Larkana prepares to mark I-Day

KARACHI  -  As Pakistan's 71st Independence Day is approaching, enthusiasm and zeal is increasing and people belonging to every walk of life are preparing to celebrate the day in a befitting manner.

Children are especially showing their vigour, zeal and traditional enthusiasm to celebrate 14th August, as sale for national flags and other items is in full swing at all main bazaars of Larkana city.

The items most prominently displayed at markets, road side, or in small neighbourhood shops, are small paper flags, badges, paper caps, buntings and even large flags.

"Children of course are the most eager to buy these items," a shopkeeper of a bookstore at Bunder Road Larkana said.

Apart from official arrangements to celebrate the Independence Day, people of all age groups are making arrangements on their own by decorating their houses and streets and organising functions.

A visit to main bookstores in Larkana city showed a great national fervour among the people, who were busy in buying different items to express their enthusiasm for celebrating the Independence Day.

In commercial areas like Shahi bazaar, Bunder Road, Pakistani Chowk and Julius Bazaar Larkana, Station Road, shopkeepers have set up special stalls for flags and other items. Booksellers and shopkeepers say stickers and hand-held stickers are in high demand.

The bazaars are decorated with national flags where stalls of colourful buntings, Pakistani flag buntings, portraits of Quaid-e-Azam and other national heroes have been set up, Badges, caps, balloons and shirts inscribed with "Jashan-e-Azadi Mubarak" are stacked in large numbers.

"However the sale will gain momentum before 14th August," a shopkeeper said. The 14th August reminds everyone of the sacrifices rendered to carve out a separate homeland for Muslims of the sub-continent.

"It is our moral obligation to remind our children of the importance of Independence.

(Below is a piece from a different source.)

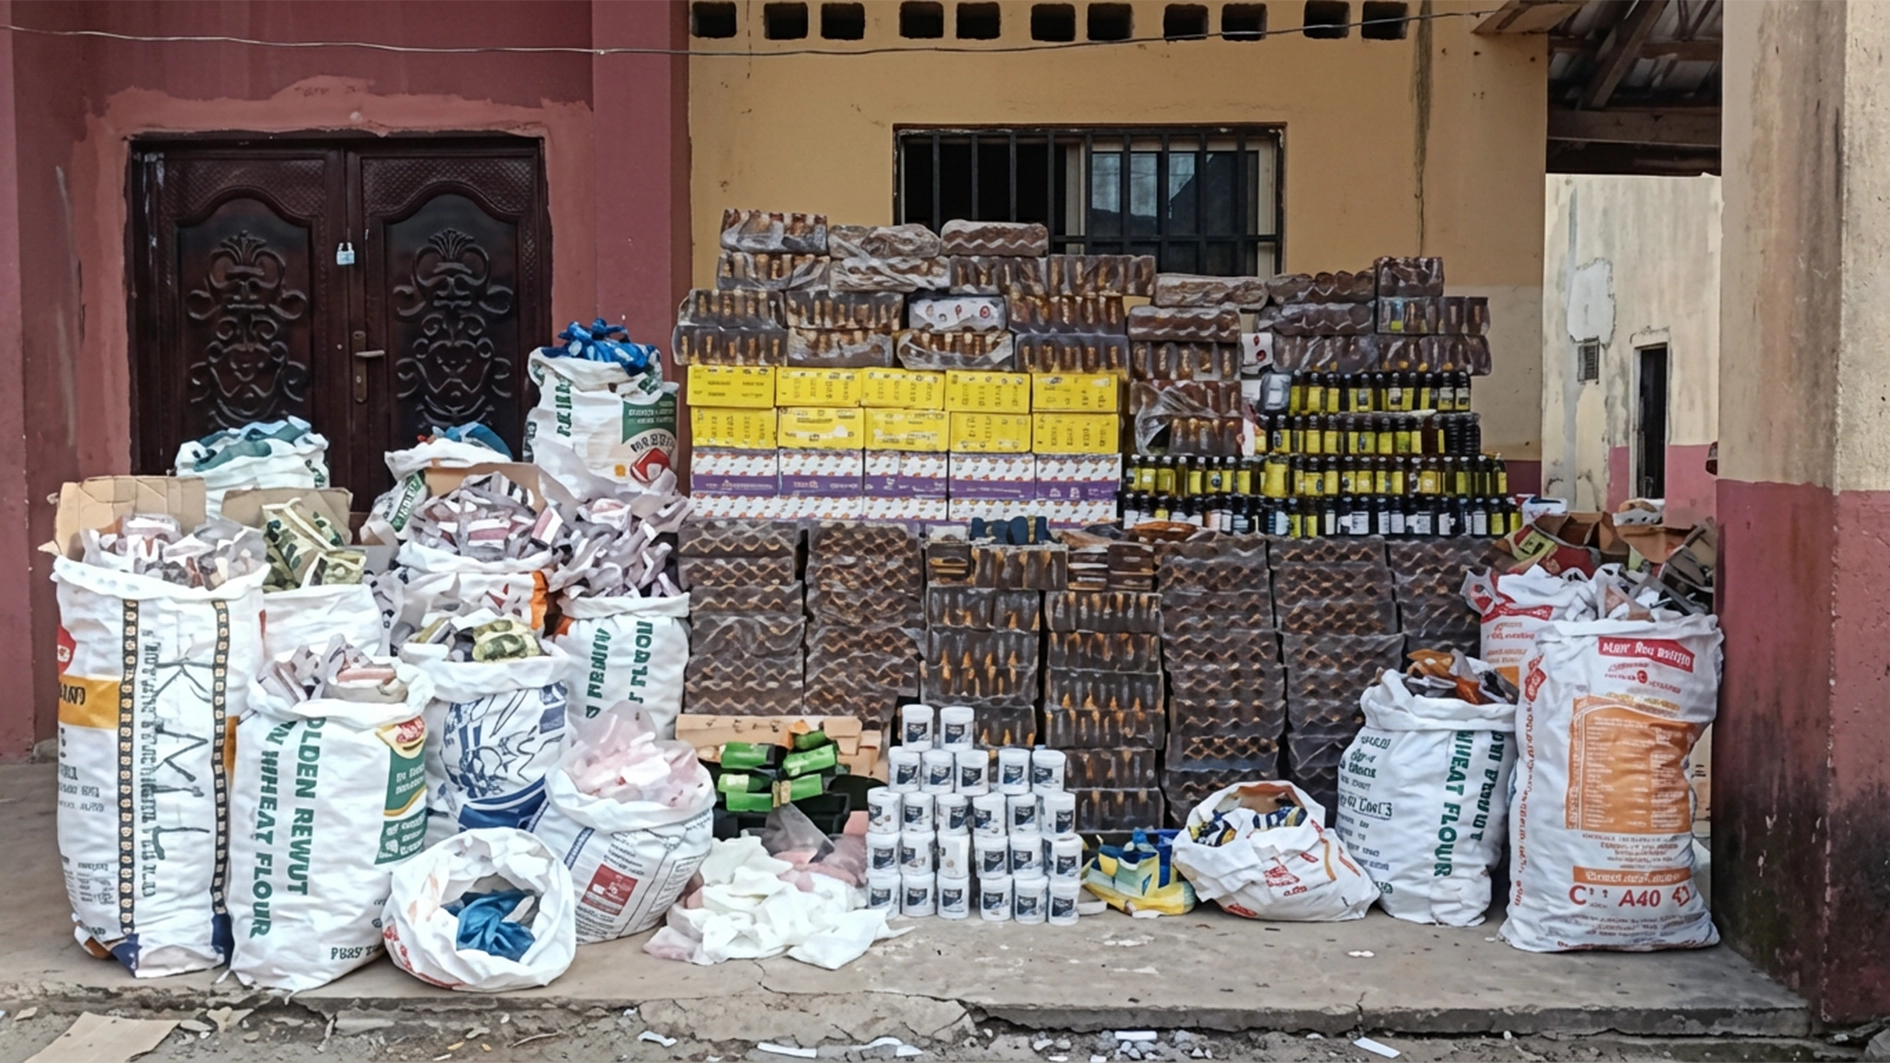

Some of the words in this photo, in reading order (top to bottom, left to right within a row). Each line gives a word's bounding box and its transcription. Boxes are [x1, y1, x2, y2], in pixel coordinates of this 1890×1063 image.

[255, 751, 279, 845] WHEAT
[249, 852, 273, 939] FLOUR
[1618, 889, 1661, 907] A40

We should be grateful to Quaid-e-Azam who struggled for the rights of the Muslims of sub-continent and gave us Pakistan," said a high school teacher Muhammad Azam Soomro.

Talking to APP, shopkeepers Wazir Ali Shaikh, Naeem Soomro, Muhammad Ibrahim Qureshi and Imdad Ali Shaikh said people especially children and youth keep visiting from morning till late evening to buy the items required to celebrate the Independence Day.

They said people of all ages visit the stalls and shops, as persons even in 18s to 40s buy national flags to hoist on their bicycles, motorcycles, cars, jeeps, offices and houses and children mostly buy badges, shirts, caps etc.